Retype all the entries word for word, but omit the pictures.
***** INFORMATION GIVEN *****
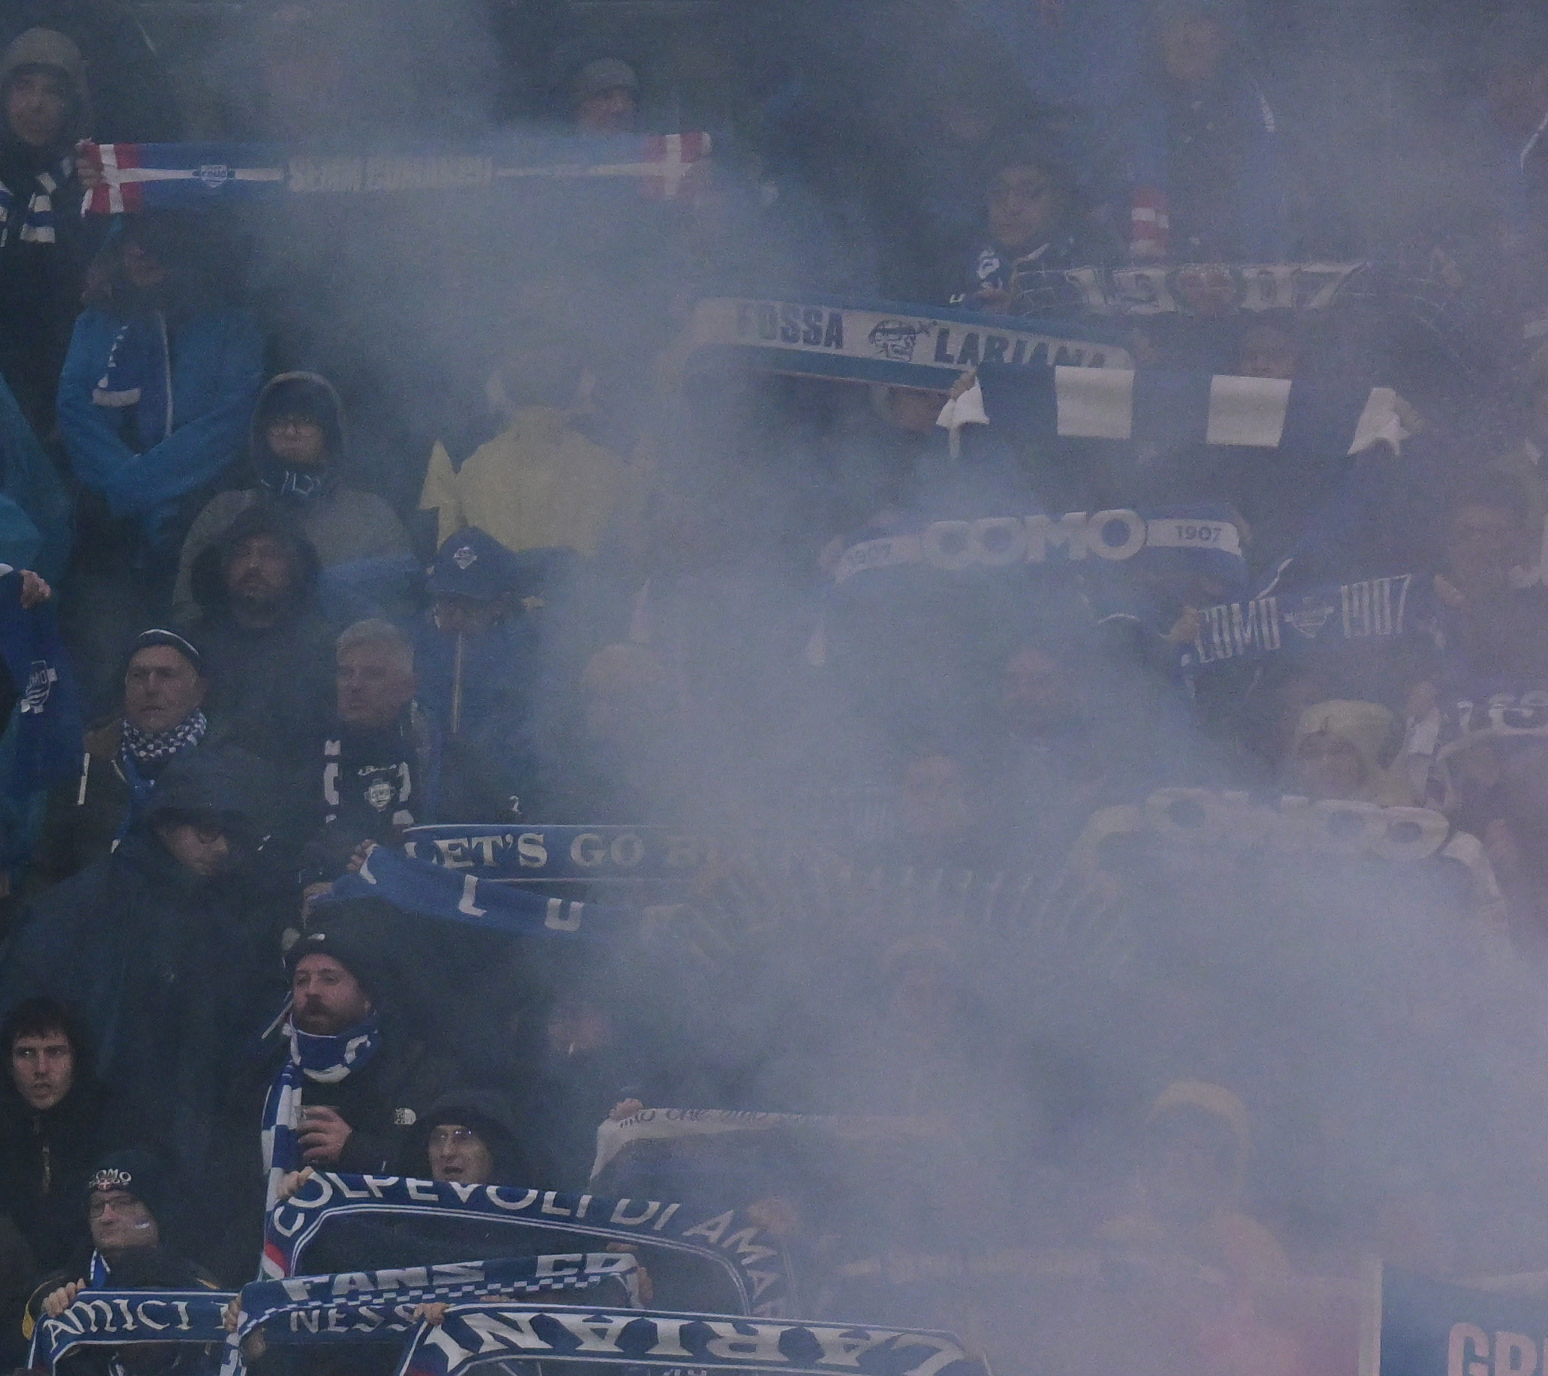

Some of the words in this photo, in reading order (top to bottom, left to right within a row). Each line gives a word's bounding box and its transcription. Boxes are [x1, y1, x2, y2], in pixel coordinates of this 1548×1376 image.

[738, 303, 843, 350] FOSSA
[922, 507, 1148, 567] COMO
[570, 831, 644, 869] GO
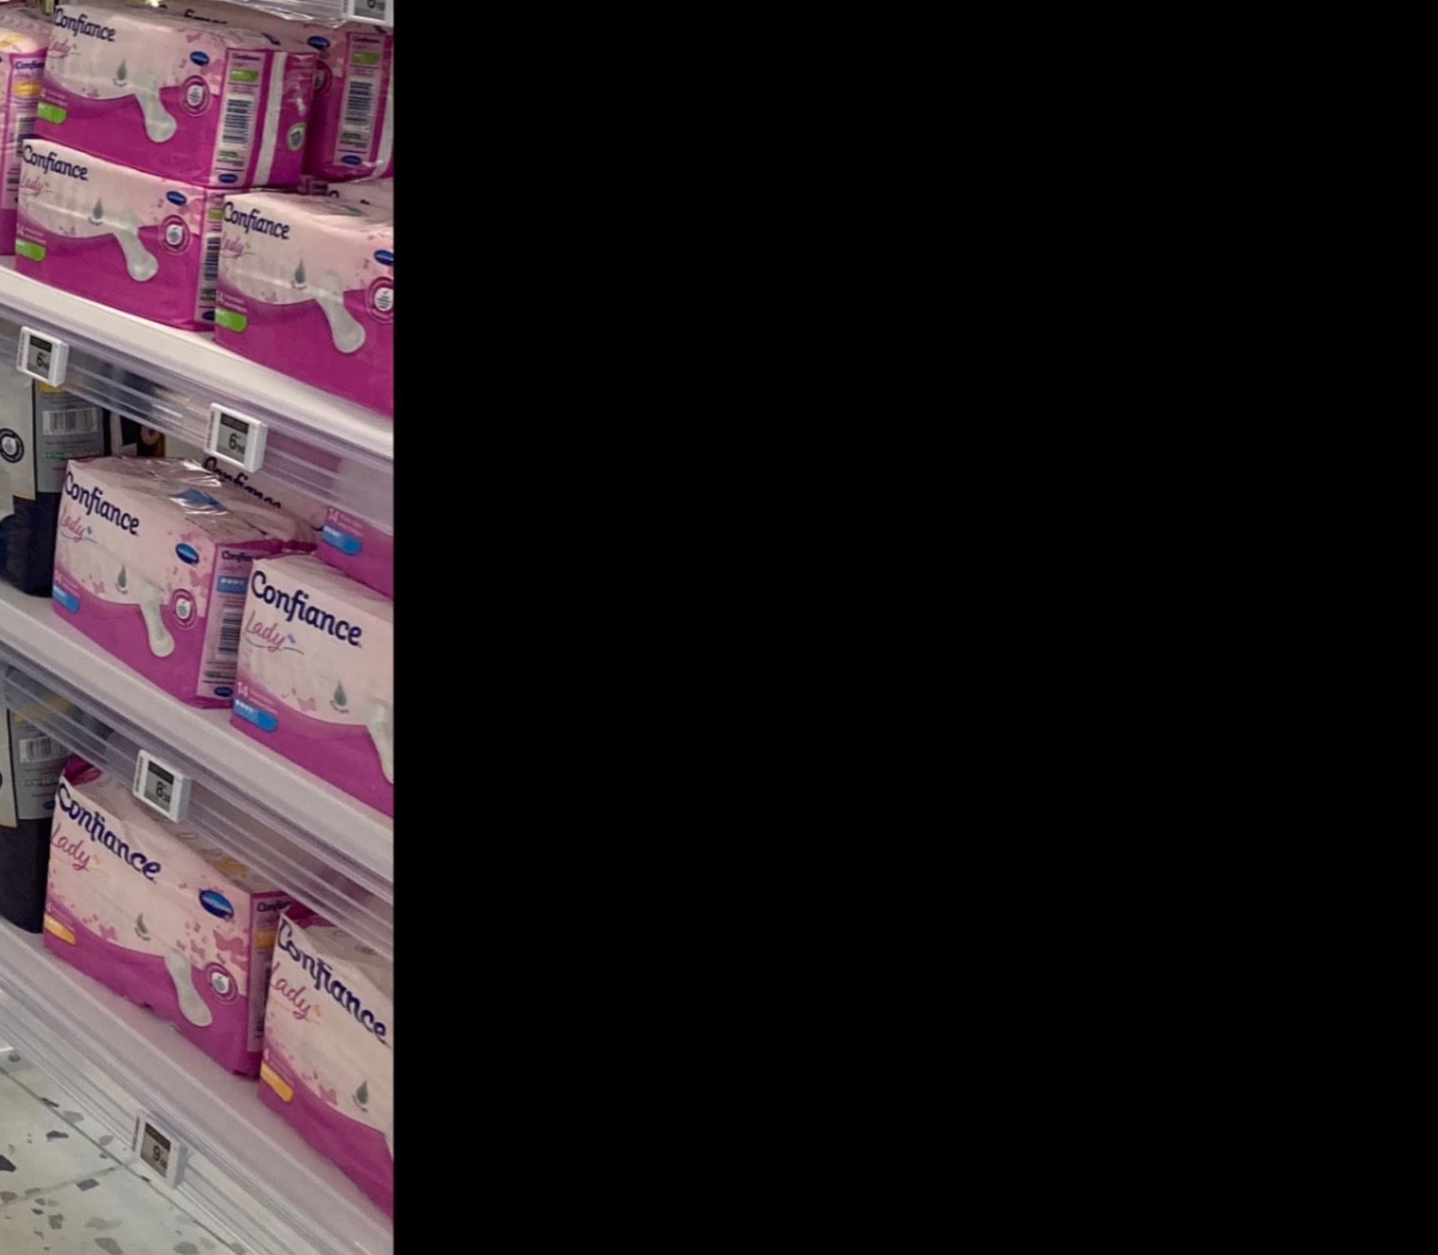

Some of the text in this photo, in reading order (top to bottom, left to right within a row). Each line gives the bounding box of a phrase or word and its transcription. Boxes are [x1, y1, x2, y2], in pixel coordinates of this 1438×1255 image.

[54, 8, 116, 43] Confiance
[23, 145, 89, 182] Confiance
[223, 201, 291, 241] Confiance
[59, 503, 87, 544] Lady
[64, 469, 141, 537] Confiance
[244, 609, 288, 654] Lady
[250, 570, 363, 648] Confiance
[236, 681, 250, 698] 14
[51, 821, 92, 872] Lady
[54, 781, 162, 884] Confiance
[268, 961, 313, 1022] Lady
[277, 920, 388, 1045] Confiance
*****
# SOLUTION TO THE EXERCISE:
Some of the words in this photo, in reading order (top to bottom, left to right within a row). Each line gives a word's bounding box and its transcription. Boxes are [x1, y1, x2, y2], in pixel coordinates of this 1548×1376 image.

[738, 303, 843, 350] FOSSA
[922, 507, 1148, 567] COMO
[570, 831, 644, 869] GO

Some of the text in this photo, in reading order (top to bottom, left to right within a row). Each line gives the bounding box of a phrase or word and its transcription. Boxes are [x1, y1, x2, y2], in pixel coordinates of this 1438×1255 image.

[54, 8, 116, 43] Confiance
[23, 145, 89, 182] Confiance
[223, 201, 291, 241] Confiance
[59, 503, 87, 544] Lady
[64, 469, 141, 537] Confiance
[244, 609, 288, 654] Lady
[250, 570, 363, 648] Confiance
[236, 681, 250, 698] 14
[51, 821, 92, 872] Lady
[54, 781, 162, 884] Confiance
[268, 961, 313, 1022] Lady
[277, 920, 388, 1045] Confiance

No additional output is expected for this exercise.